De acuerdo con el Ministerio de Transportes ruso, el incidente ocurrió alrededor de las 15:00 horas de Moscú, cuando el navío perdió comunicación tras ser interceptado por la Guardia Costera estadounidense. Moscú afirmó que la maniobra viola la Convención de las Naciones Unidas sobre el Derecho del Mar de 1982, que establece la libertad de navegación en mar abierto.

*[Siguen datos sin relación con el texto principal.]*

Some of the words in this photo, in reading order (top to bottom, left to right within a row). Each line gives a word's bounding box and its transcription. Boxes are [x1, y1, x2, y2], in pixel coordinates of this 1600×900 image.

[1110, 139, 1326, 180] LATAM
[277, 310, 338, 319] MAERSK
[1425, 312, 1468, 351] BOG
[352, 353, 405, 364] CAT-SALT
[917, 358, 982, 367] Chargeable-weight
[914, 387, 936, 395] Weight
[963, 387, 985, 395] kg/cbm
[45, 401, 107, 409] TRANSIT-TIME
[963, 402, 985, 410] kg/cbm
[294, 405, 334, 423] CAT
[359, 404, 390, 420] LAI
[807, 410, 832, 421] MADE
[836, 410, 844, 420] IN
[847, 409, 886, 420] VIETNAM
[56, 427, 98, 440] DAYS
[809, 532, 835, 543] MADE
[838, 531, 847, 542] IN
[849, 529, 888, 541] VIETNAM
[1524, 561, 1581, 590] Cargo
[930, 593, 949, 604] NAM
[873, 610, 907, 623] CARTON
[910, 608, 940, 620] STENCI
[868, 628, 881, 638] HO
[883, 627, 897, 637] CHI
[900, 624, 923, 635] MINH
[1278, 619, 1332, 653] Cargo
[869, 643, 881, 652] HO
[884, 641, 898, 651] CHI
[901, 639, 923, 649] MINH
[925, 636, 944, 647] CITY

Estatus legal del buque y argumentos de Moscú
Las autoridades rusas señalaron que el Marinera recibió el 24 de diciembre de 2025 un permiso temporal para navegar bajo bandera rusa, conforme a su legislación y al derecho internacional. En ese marco, subrayaron que ningún Estado puede emplear la fuerza contra embarcaciones civiles debidamente registradas cuando se encuentran en aguas internacionales.
La cancillería rusa calificó como “desproporcionada” la atención de fuerzas estadounidenses y de la OTAN sobre un navío civil y reiteró que el buque cumplía con las normas internacionales de navegación.

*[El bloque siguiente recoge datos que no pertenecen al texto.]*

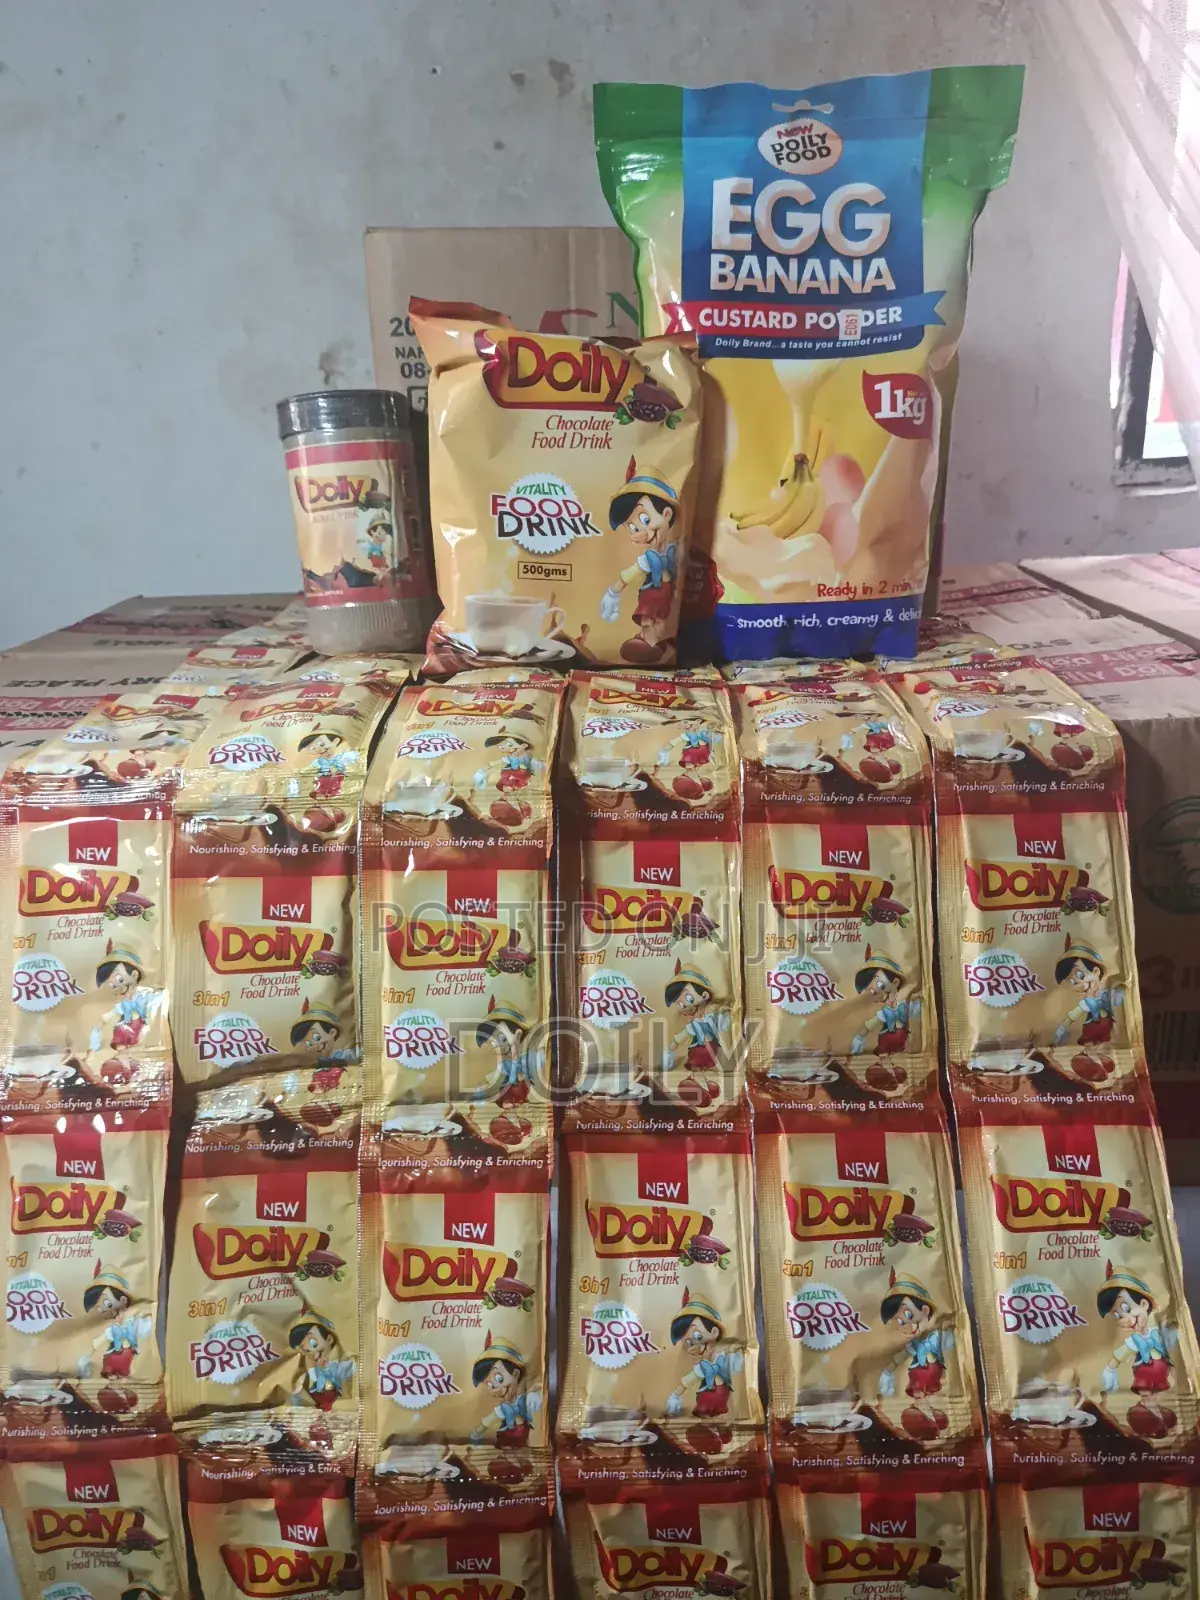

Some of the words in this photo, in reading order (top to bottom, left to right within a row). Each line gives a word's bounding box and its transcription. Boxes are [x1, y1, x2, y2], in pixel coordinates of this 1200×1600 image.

[770, 132, 827, 153] DOILY
[774, 145, 832, 165] FOOD
[711, 177, 892, 257] EGG
[709, 254, 896, 294] BANANA
[699, 307, 798, 329] CUSTARD
[805, 306, 903, 329] PODER
[788, 341, 813, 349] taste
[815, 342, 831, 351] you
[835, 337, 871, 348] cannot
[872, 332, 902, 345] resist
[508, 337, 631, 405] Doily
[545, 415, 614, 432] Chocolate
[531, 432, 565, 449] Food
[569, 432, 613, 450] Drink
[516, 482, 567, 496] VITALITY
[491, 494, 583, 518] FOOD
[497, 511, 602, 538] DRINK
[522, 564, 568, 579] 500gms
[817, 581, 857, 600] Ready
[862, 582, 873, 596] in
[878, 580, 888, 594] 2
[827, 613, 879, 628] creamy
[883, 608, 894, 622] &
[209, 743, 277, 755] FOOD
[209, 750, 287, 764] DRINK
[1000, 781, 1047, 792] Satisfying
[1060, 780, 1105, 792] Enriching
[624, 810, 668, 821] Satisfying
[680, 810, 724, 821] Enriching
[189, 844, 249, 856] Nourishing,
[251, 844, 298, 856] Satisfying
[301, 844, 308, 853] &
[312, 843, 356, 855] Enriching
[435, 837, 484, 849] Satisfying
[498, 837, 544, 849] Enriching
[1024, 840, 1057, 855] NEW
[75, 847, 111, 862] NEW
[828, 850, 862, 865] NEW
[640, 867, 673, 881] NEW
[981, 862, 1069, 904] Doily
[784, 872, 872, 913] Doily
[269, 904, 305, 919] NEW
[455, 898, 490, 913] NEW
[597, 889, 683, 930] Doily
[57, 915, 105, 928] Chocolate
[1012, 910, 1061, 922] Chocolate
[47, 929, 71, 940] Food
[74, 927, 104, 939] Drink
[1003, 923, 1028, 936] Food
[1031, 921, 1061, 934] Drink
[221, 926, 314, 969] Doily
[406, 921, 499, 966] Doily
[977, 954, 1017, 965] VITALITY
[250, 973, 300, 986] Chocolate
[435, 970, 486, 983] Chocolate
[964, 964, 1030, 981] FOOD
[240, 988, 265, 999] Food
[268, 987, 300, 998] Drink
[426, 984, 450, 996] Food
[453, 984, 486, 995] Drink
[771, 983, 844, 1003] DRINK
[968, 974, 1045, 997] DRINK
[192, 990, 230, 1007] 3in1
[580, 987, 639, 1001] FOOD
[582, 997, 654, 1018] DRINK
[212, 1017, 251, 1027] VITALITY
[194, 1028, 264, 1045] FOOD
[199, 1038, 279, 1060] DRINK
[386, 1037, 464, 1058] DRINK
[818, 1101, 866, 1111] Satisfying
[879, 1101, 924, 1111] Enriching
[1023, 1093, 1073, 1105] Satisfying
[1087, 1092, 1135, 1104] Enriching
[626, 1120, 674, 1131] Satisfying
[688, 1120, 734, 1131] Enriching
[185, 1142, 243, 1154] Nourishing,
[246, 1140, 295, 1152] Satisfying
[308, 1138, 353, 1149] Enriching
[64, 1160, 97, 1175] NEW
[433, 1156, 483, 1169] Satisfying
[496, 1157, 543, 1168] Enriching
[845, 1162, 880, 1178] NEW
[1055, 1155, 1091, 1171] NEW
[646, 1182, 681, 1198] NEW
[18, 1183, 106, 1227] Doily
[263, 1201, 299, 1217] NEW
[801, 1187, 892, 1232] Doily
[1009, 1180, 1105, 1225] Doily
[451, 1223, 488, 1239] NEW
[600, 1207, 691, 1252] Doily
[833, 1241, 884, 1254] Chocolate
[1047, 1233, 1099, 1246] Chocolate
[216, 1226, 308, 1271] Doily
[629, 1259, 680, 1273] Chocolate
[824, 1255, 850, 1269] Food
[853, 1254, 886, 1267] Drink
[402, 1248, 496, 1295] Doily
[619, 1273, 644, 1287] Food
[647, 1273, 680, 1285] Drink
[1012, 1282, 1054, 1295] VITALITY
[188, 1298, 228, 1317] 3in1
[432, 1301, 483, 1314] Chocolate
[421, 1315, 447, 1329] Food
[450, 1315, 483, 1327] Drink
[791, 1313, 870, 1339] DRINK
[1003, 1307, 1088, 1333] DRINK
[190, 1334, 265, 1360] FOOD
[195, 1348, 281, 1379] DRINK
[380, 1376, 460, 1396] DRINK
[846, 1454, 899, 1467] Satisfying
[914, 1454, 965, 1467] Enriching
[201, 1468, 257, 1480] Nourishing,
[74, 1484, 109, 1500] NEW
[433, 1498, 484, 1513] Satisfying
[33, 1508, 125, 1547] Doily
[869, 1520, 908, 1535] NEW
[1093, 1512, 1131, 1528] NEW
[287, 1525, 319, 1543] NEW
[656, 1528, 693, 1540] NEW
[456, 1557, 492, 1571] NEW
[611, 1546, 704, 1583] Doily
[820, 1538, 918, 1580] Doily
[1044, 1536, 1142, 1580] Doily
[246, 1548, 333, 1589] Doily

Exigencia de garantías para la tripulación
El Ministerio de Exteriores de Rusia exigió a Washington garantizar un trato humano y digno a los tripulantes, entre los que hay ciudadanos rusos, así como respetar sus derechos y facilitar su retorno sin demoras.

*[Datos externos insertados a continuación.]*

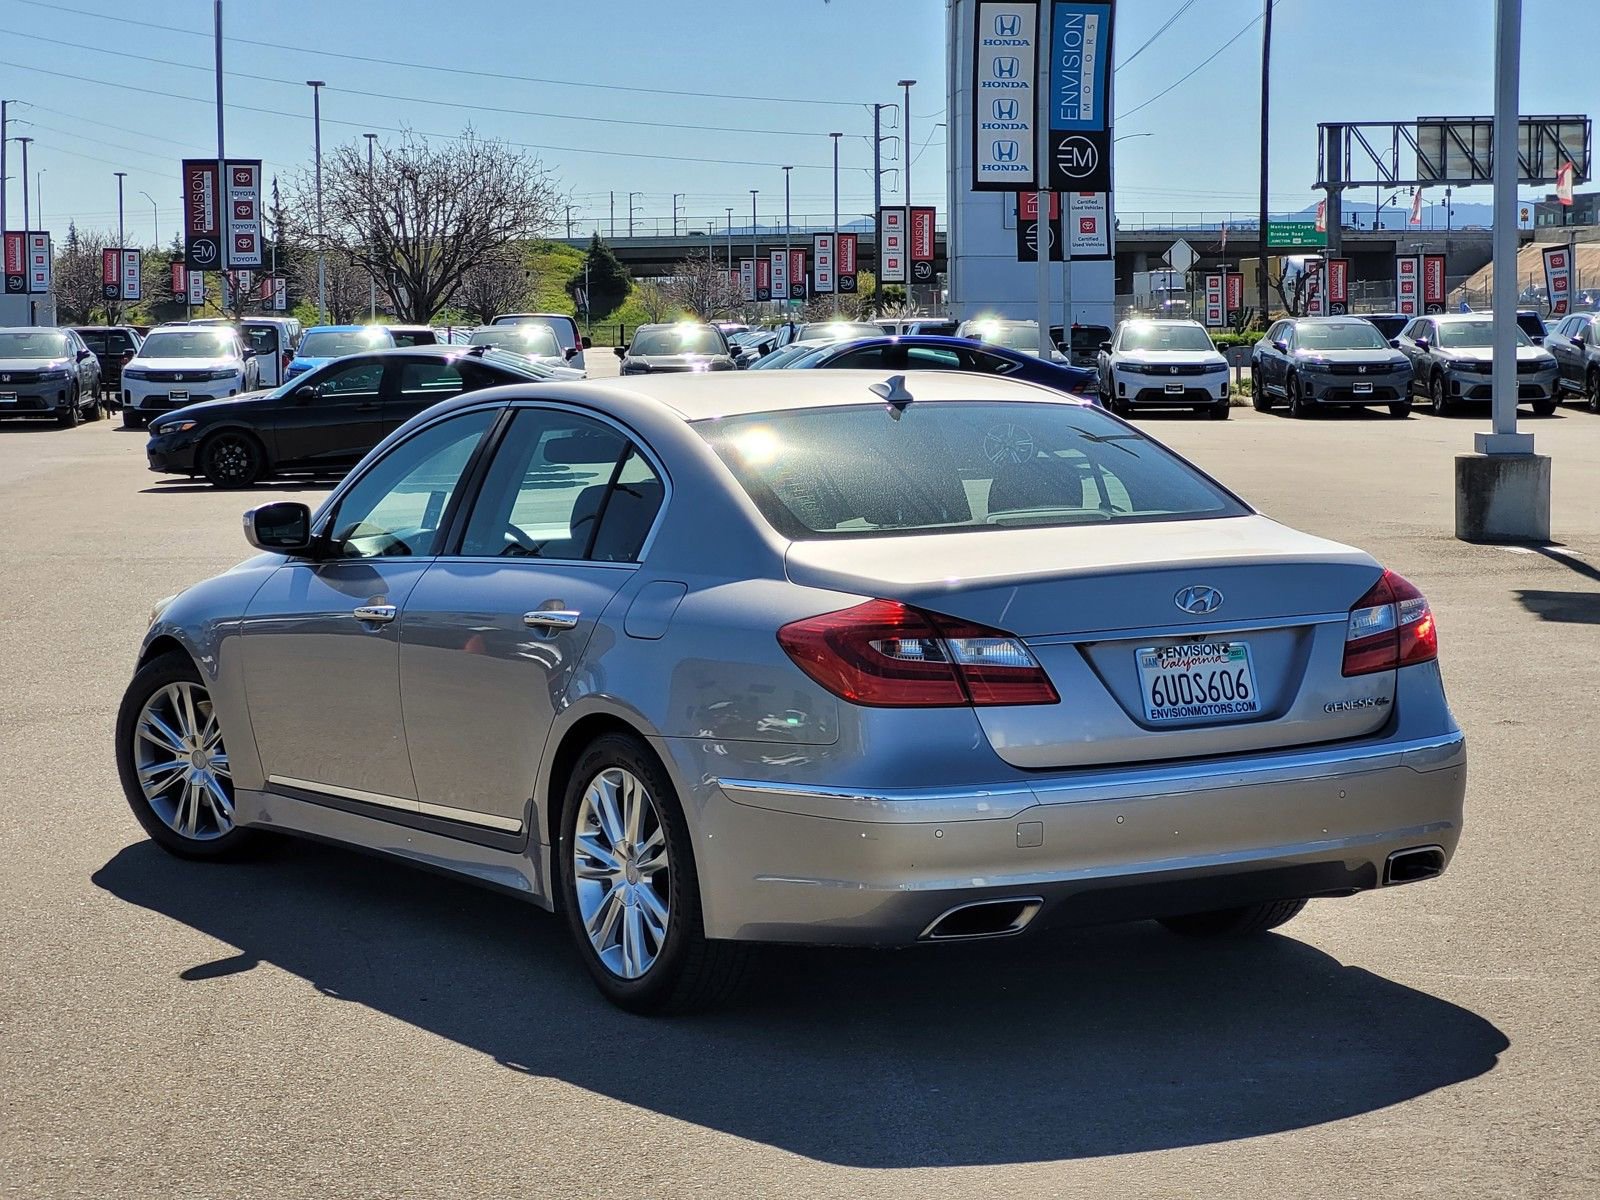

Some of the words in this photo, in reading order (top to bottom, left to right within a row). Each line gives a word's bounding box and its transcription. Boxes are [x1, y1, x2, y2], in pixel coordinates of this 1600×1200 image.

Versión estadounidense y antecedentes del petrolero
Funcionarios estadounidenses, citados por medios internacionales, confirmaron el abordaje del petrolero —antes identificado como Bella 1— y aseguraron que no hubo resistencia por parte de la tripulación. Según esta versión, el buque estaría vinculado a una red de petroleros sancionados, conocida como “flota fantasma”, dedicada al transporte de crudo en violación de sanciones.
Reportes indican que el navío intentó evadir un primer abordaje en diciembre, se internó en el Atlántico y modificó su identidad: pintó una bandera rusa en el casco, cambió de nombre y ajustó su matrícula para figurar en el registro ruso.
Apoyo del Reino Unido y escolta naval rusa
El Reino Unido confirmó haber brindado apoyo operativo a Estados Unidos, incluyendo el uso de instalaciones, para facilitar la intercepción en una zona marítima entre Reino Unido, Islandia y Groenlandia.
Medios internacionales informaron que Rusia desplegó un submarino y otros recursos navales para escoltar al petrolero, en un intento por disuadir su incautación. El episodio elevó la tensión bilateral, en un contexto de endurecimiento del bloqueo estadounidense contra buques que transportan crudo vinculado a Venezuela, Rusia o Irán.
Escalada de incautaciones
El Marinera sería el tercer petrolero relacionado con Venezuela incautado recientemente por Estados Unidos. Horas después del abordaje, Washington anunció una cuarta acción similar en el Caribe, lo que Moscú interpretó como una intensificación de las medidas unilaterales en alta mar.